[Paths of Glory by Irvin S. Cobb]@TWC D-Link book
Paths of Glory

CHAPTER 15
19/43

When the head of the house fixed the prices she meant to charge us for our accommodations, he spoke up and suggested that the rate was scarcely high enough; and also, since her regular patrons had been driven away at the beginning of the war, he advised us that sizable tips on our leaving would probably be appreciated.
Next morning we rose from a breakfast--the meat part of it having been furnished from the German commissary--to find twenty lancers exercising their horses in a lovely little natural arena, walled by hills, just below the small eminence whereon the house stood.
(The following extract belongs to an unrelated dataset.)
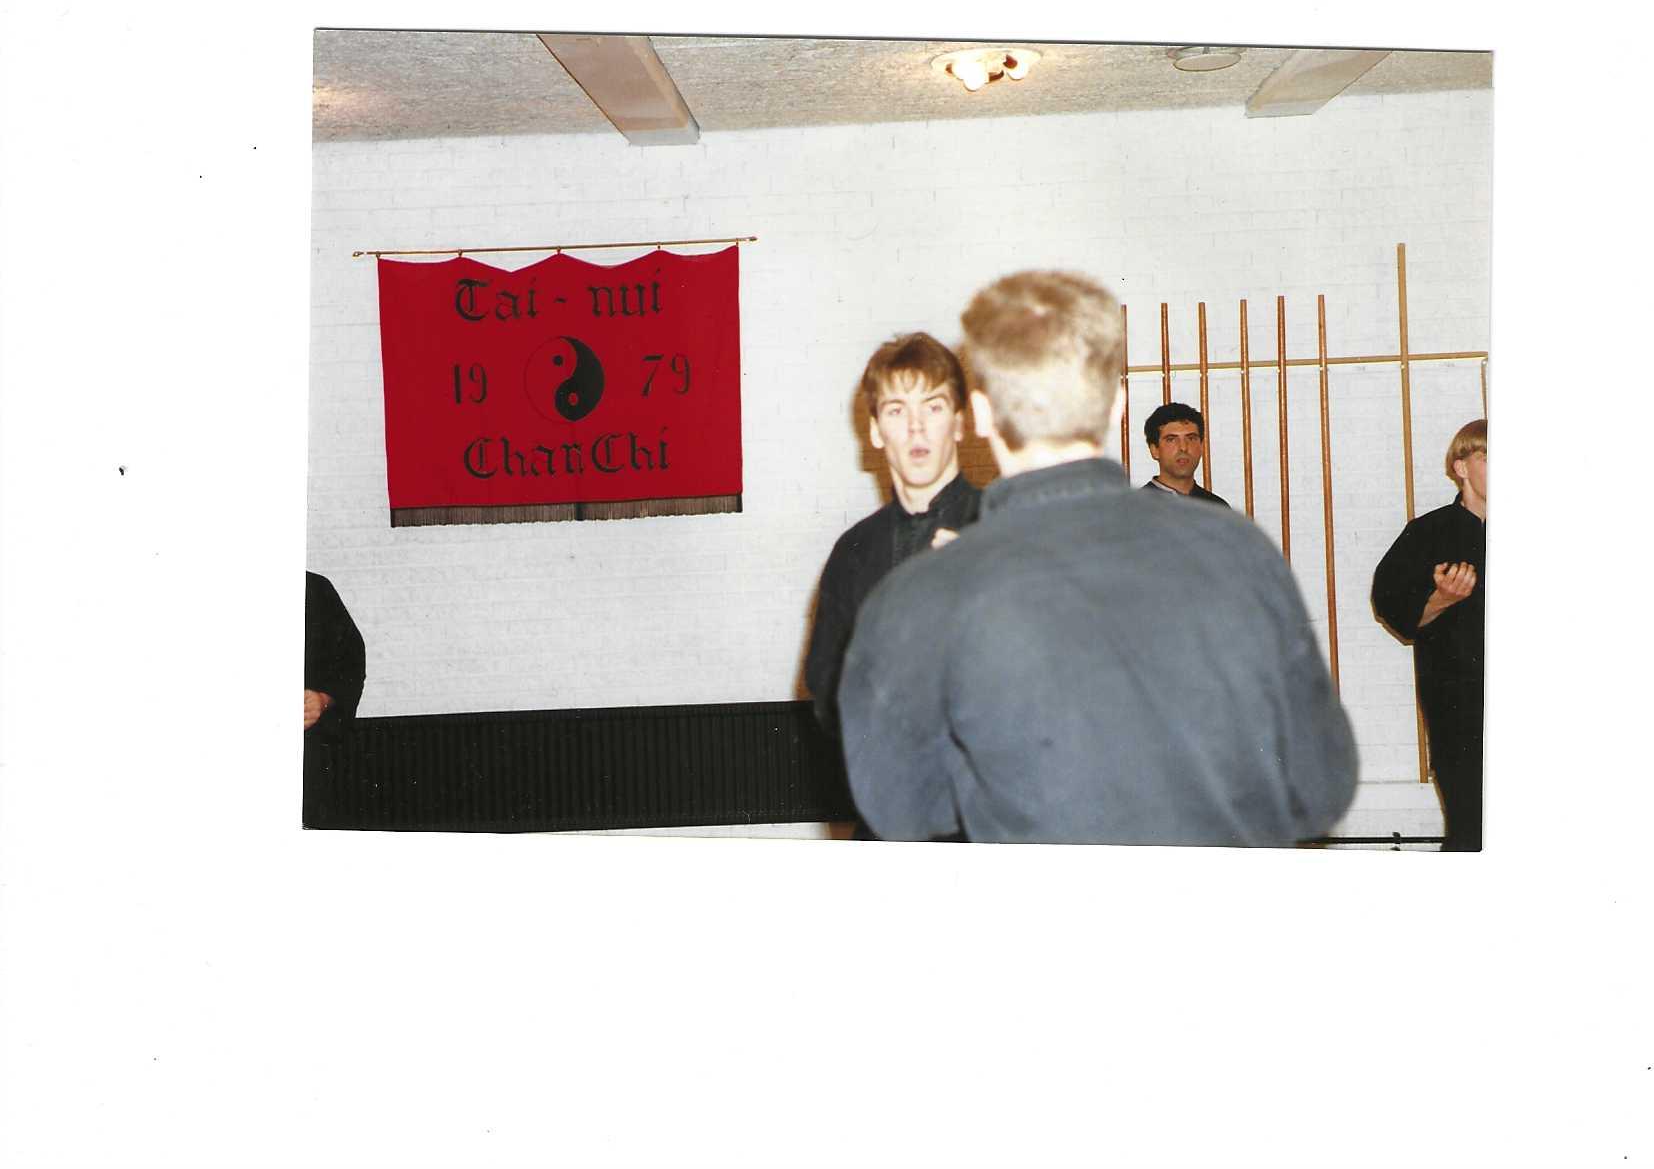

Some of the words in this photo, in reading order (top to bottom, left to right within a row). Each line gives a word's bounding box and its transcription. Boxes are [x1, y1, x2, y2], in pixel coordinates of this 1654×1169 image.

It was like a scene from a Wild West exhibition at home, except that these German horsemen lacked the dash of our cowpunchers.

Watching the show from a back garden, we stood waist deep in flowers, and the captain's orderly, when he came to tell us our automobile was ready, had a huge peony stuck in a buttonhole of his blouse.

I caught a peep at another soldier, who was flirting with a personable Flemish scullery maid behind the protection of the kitchen wall.

The proprietress and her daughters stood at the door to wave us good-by and to wish us, with apparent sincerity, a safe journey down into France, and a safe return.
To drop from this cozy, peaceful place into the town of Dinant again was to drop from a small earthly paradise into a small earthly hell.
Somewhere near the middle of the little perdition our cavalry captain pointed to a shell of a house.
"A fortnight ago," he told us, "we found a French soldier in that house -- or under it, rather.